L'écriture informatisée, un plus pour la réussite scolaire?

Est-ce que les jeunes réussissent mieux leurs examens de français de secondaire 5 s'ils utilisent un ordinateur ou un outil de correction comme Antidote?

C'est la question qu'a étudiée le professeur de didactique du français à l'UQAT, Pascal Grégoire.

Mandaté par le ministère de l'Éducation, il a comparé la réussite des jeunes à l'épreuve unique de français.

Certains l'ont fait à la main, d'autres à l'ordinateur.

Ceux qui ont pu utiliser Antidote ont fait moins d'erreurs d'orthographe et de grammaire.

Constat surprenant, ils ont fait un peu plus d'erreurs de vocabulaire que ceux qui écrivaient à la main.

Antidote ne leur a pas permis non plus d'améliorer leur syntaxe ou leur ponctuation.

Les enseignants ont un grand rôle à jouer dans l'intégration des technologies, croit le professeur Pascal Grégoire.

« Il faut leur montrer comment tirer parti des logiciels comme Antidote, pour qu'ils en viennent à faire des nouveaux gestes de révision.
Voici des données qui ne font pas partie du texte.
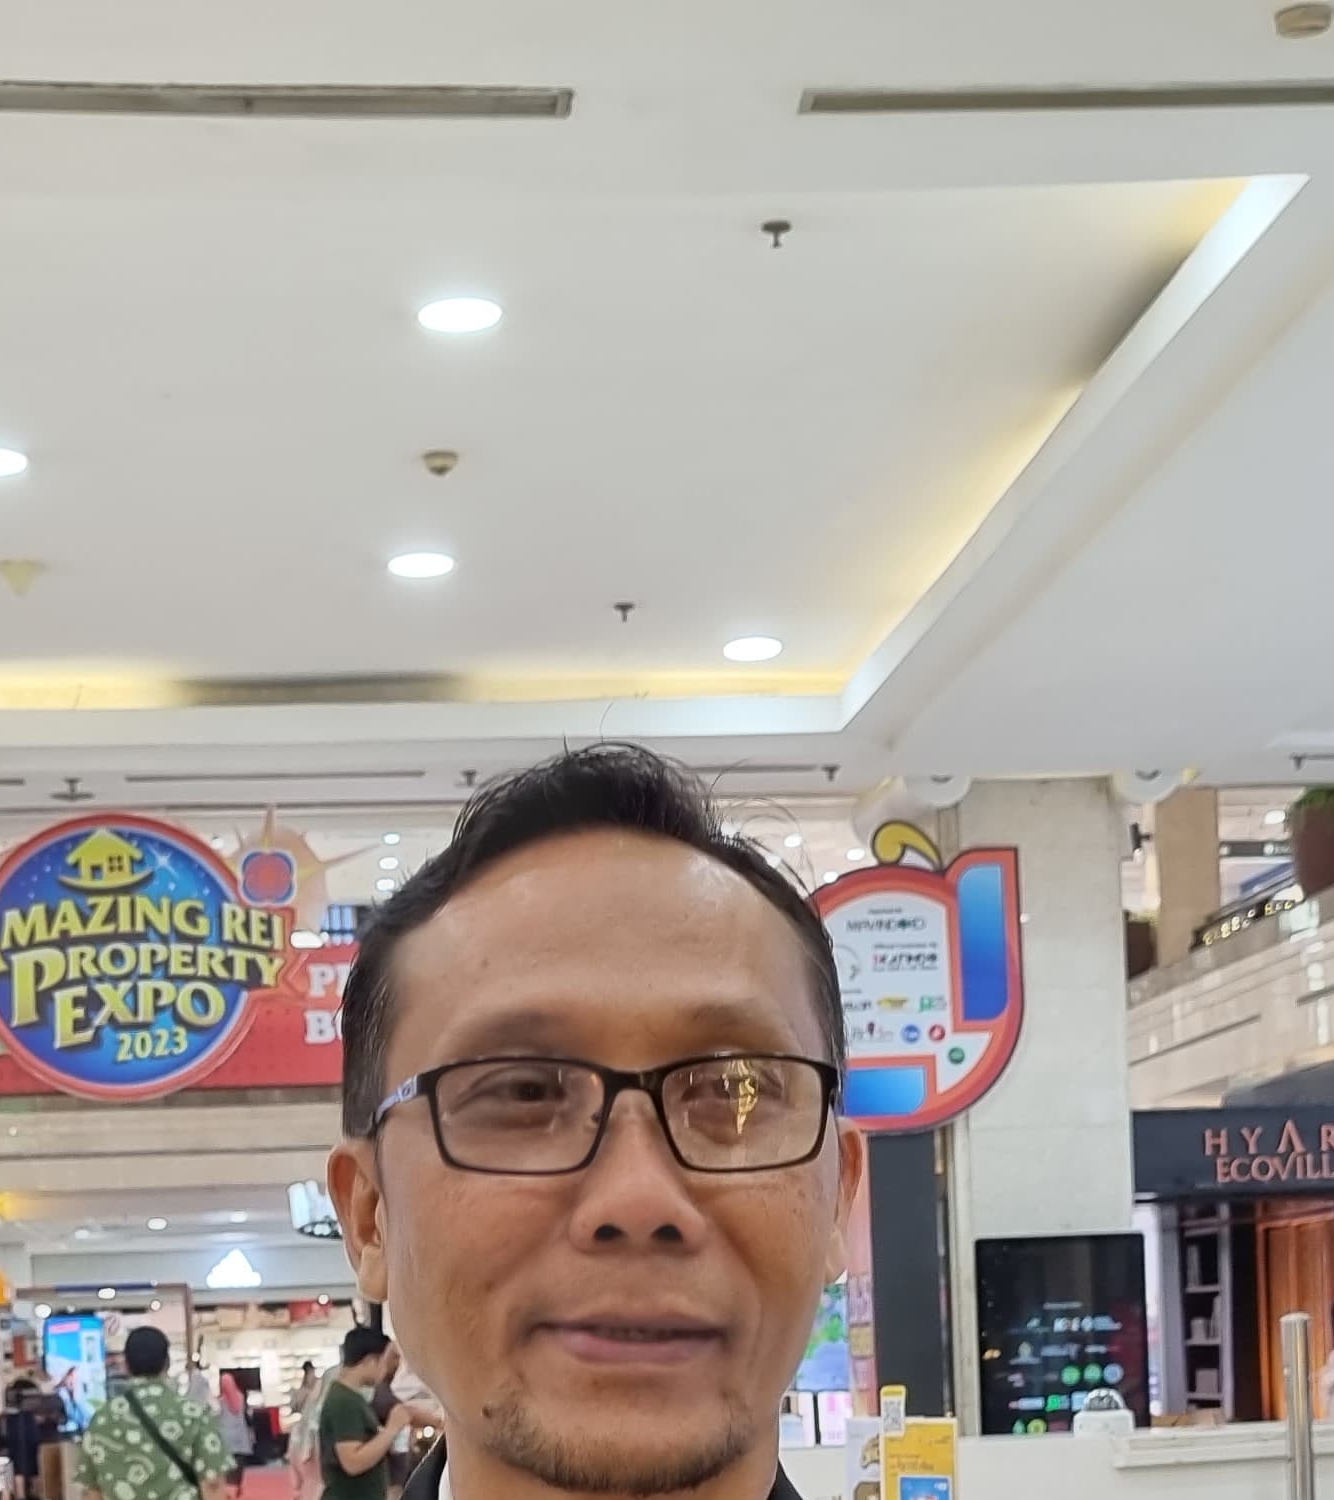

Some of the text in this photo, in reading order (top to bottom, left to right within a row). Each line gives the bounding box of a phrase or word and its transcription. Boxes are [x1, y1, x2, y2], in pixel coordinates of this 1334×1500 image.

Les programmes d'étude demandent qu'on fasse une certaine initiation des élèves actuellement à l'écriture numérique. Leur donne-t-on les moyens, aux enseignants? Parce que bien sûr, toutes les écoles ne sont pas pourvues de façon équitable en technologie. »
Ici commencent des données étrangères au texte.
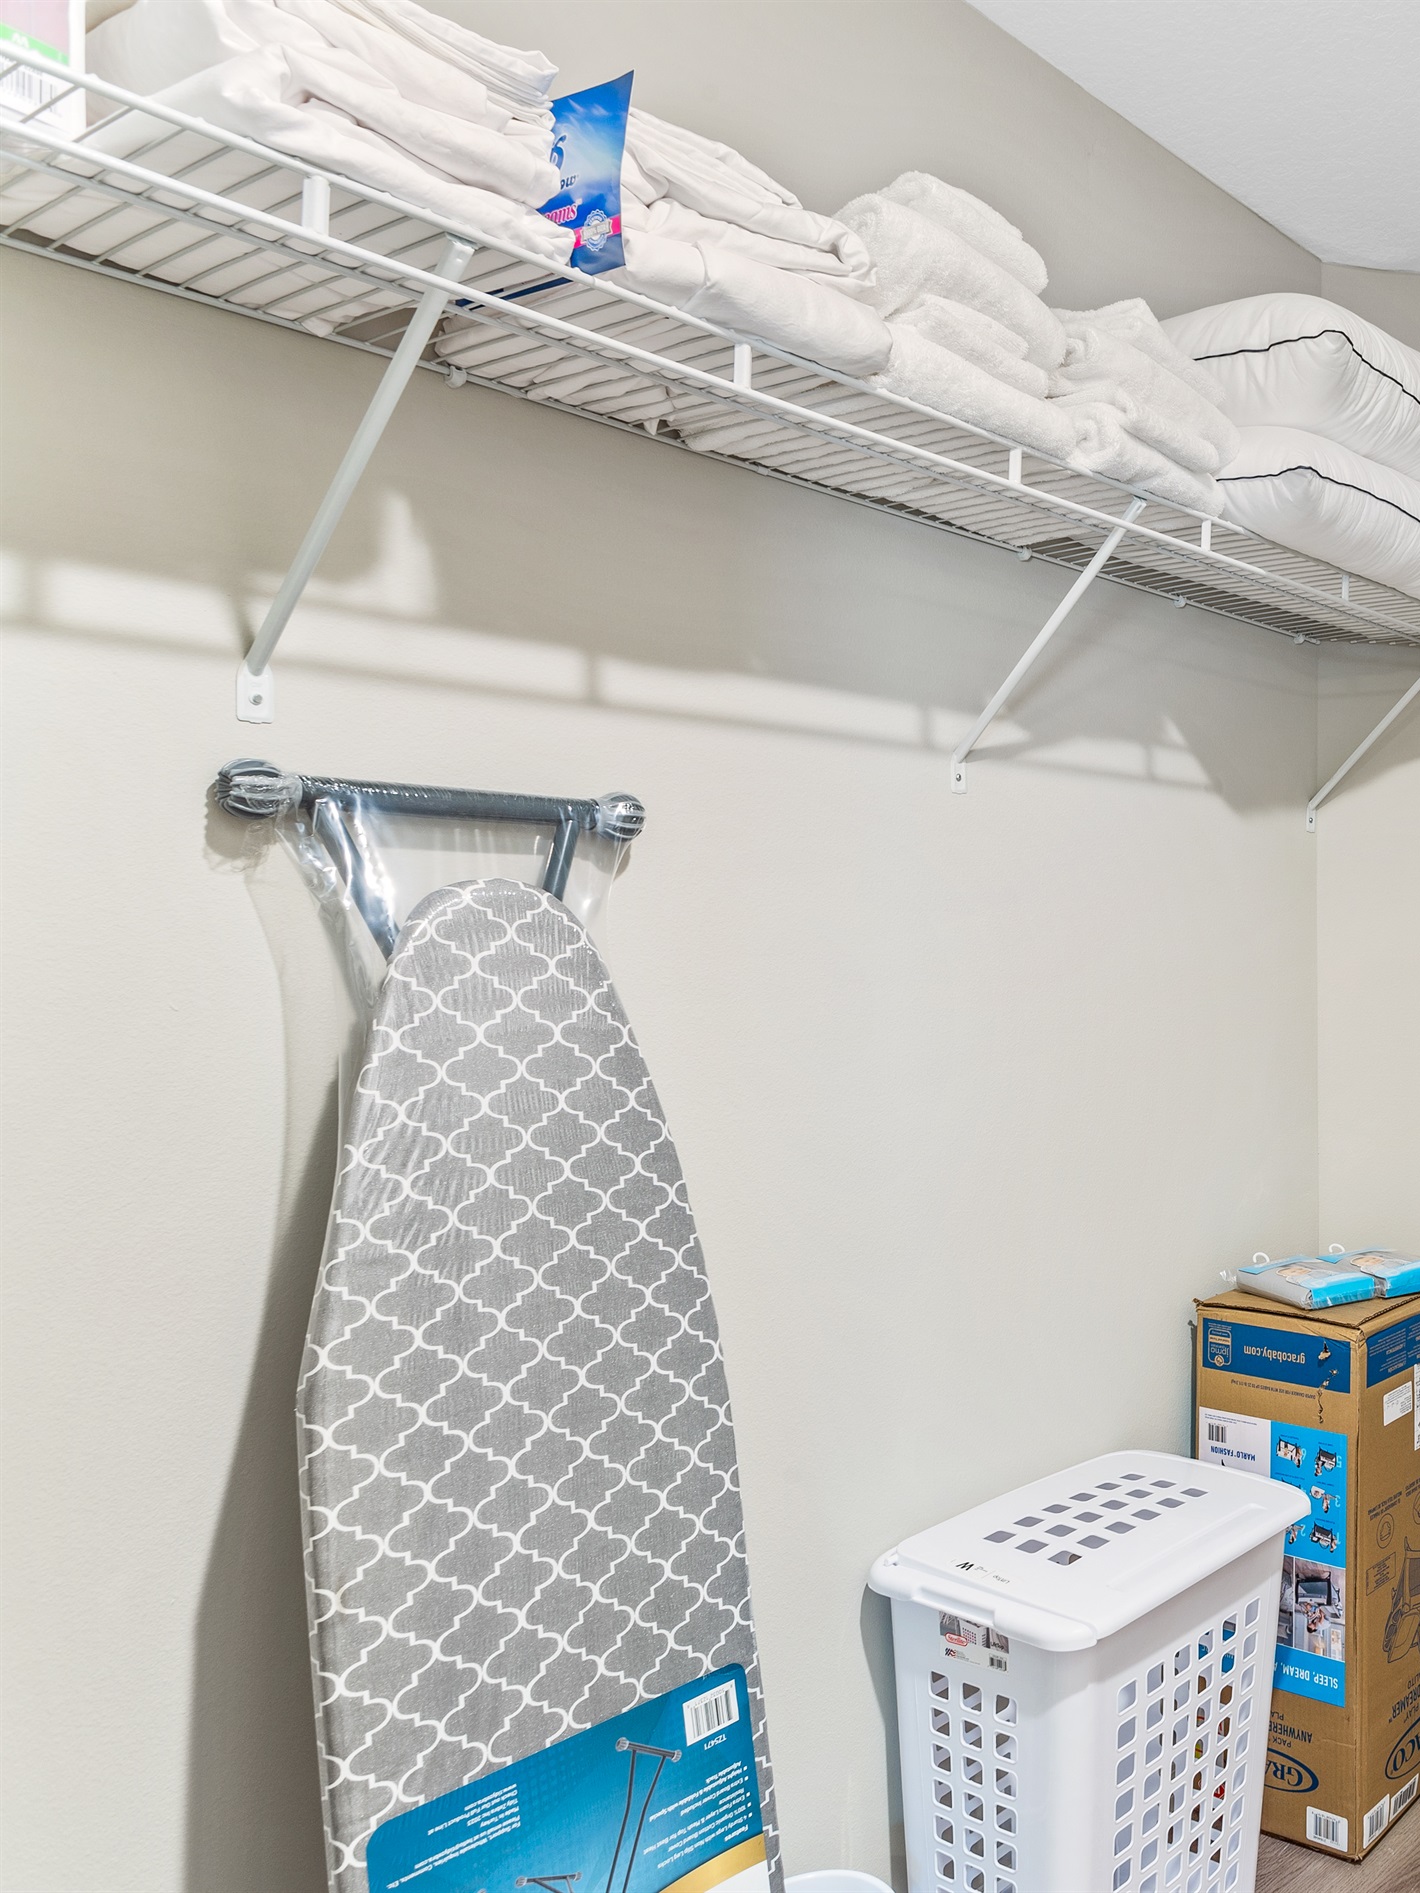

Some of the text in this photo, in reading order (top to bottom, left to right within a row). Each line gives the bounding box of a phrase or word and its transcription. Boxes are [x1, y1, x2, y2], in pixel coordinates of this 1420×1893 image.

[1211, 1347, 1229, 1358] jpma
[1244, 1344, 1305, 1364] gracobaby.com
[1211, 1446, 1255, 1461] MARLO FASHION
[1336, 1455, 1342, 1468] 5
[1335, 1495, 1340, 1508] 3
[1300, 1524, 1306, 1536] 2
[1281, 1662, 1338, 1689] SLEEP. DREAM.
[1270, 1711, 1284, 1721] PLA
[1272, 1736, 1291, 1748] PACK
[501, 1790, 517, 1801] Check
[681, 1778, 743, 1816] Extra Board Cover Included
[732, 1795, 745, 1806] Extra
[480, 1802, 490, 1811] Our
[491, 1798, 501, 1806] out
[506, 1797, 518, 1808] Tidy
[719, 1802, 732, 1814] Foam
[470, 1807, 480, 1816] Full
[491, 1803, 507, 1815] Zebra
[505, 1806, 519, 1816] Made
[705, 1808, 718, 1821] Layer
[448, 1812, 470, 1826] Product
[480, 1814, 499, 1828] Turkey
[502, 1815, 520, 1828] Please
[715, 1811, 733, 1826] Organic
[728, 1816, 743, 1830] Sturdy
[434, 1822, 447, 1833] Line
[486, 1824, 502, 1835] email
[511, 1821, 520, 1830] For
[699, 1822, 715, 1835] Cotton
[716, 1825, 727, 1837] Legs
[683, 1831, 698, 1844] Board
[705, 1833, 715, 1843] with
[724, 1824, 748, 1842] Features
[668, 1840, 683, 1852] Cover
[674, 1850, 684, 1860] Leg
[658, 1856, 674, 1869] Locks
L'impact des textos et réseaux sociaux

On peut penser que les réseaux sociaux nuisent à la qualité de l'écriture des jeunes aujourd'hui.

C'est une crainte, mais la recherche de Pascal Grégoire indique plutôt qu'ils font la distinction entre les niveaux de langue.

« Il y a certains logiciels qu'on utilise avec les élèves des fois où c'est assez fascinant. Ils peuvent composer un texte dans une fenêtre et chatter entre eux dans une fenêtre parallèle. Généralement, ce qu'on voit, c'est que les élèves écrivent un français très relâché dans la fenêtre de chat, mais par contre, quand ils écrivent le texte dans la fenêtre principale, c'est en français standard et soigné. Il ne faut pas trop s'inquiéter, mais s'il faut toujours demeurer vigilant. »

On ignore pour l'instant si le ministère tiendra compte de cette étude pour les prochains examens de français.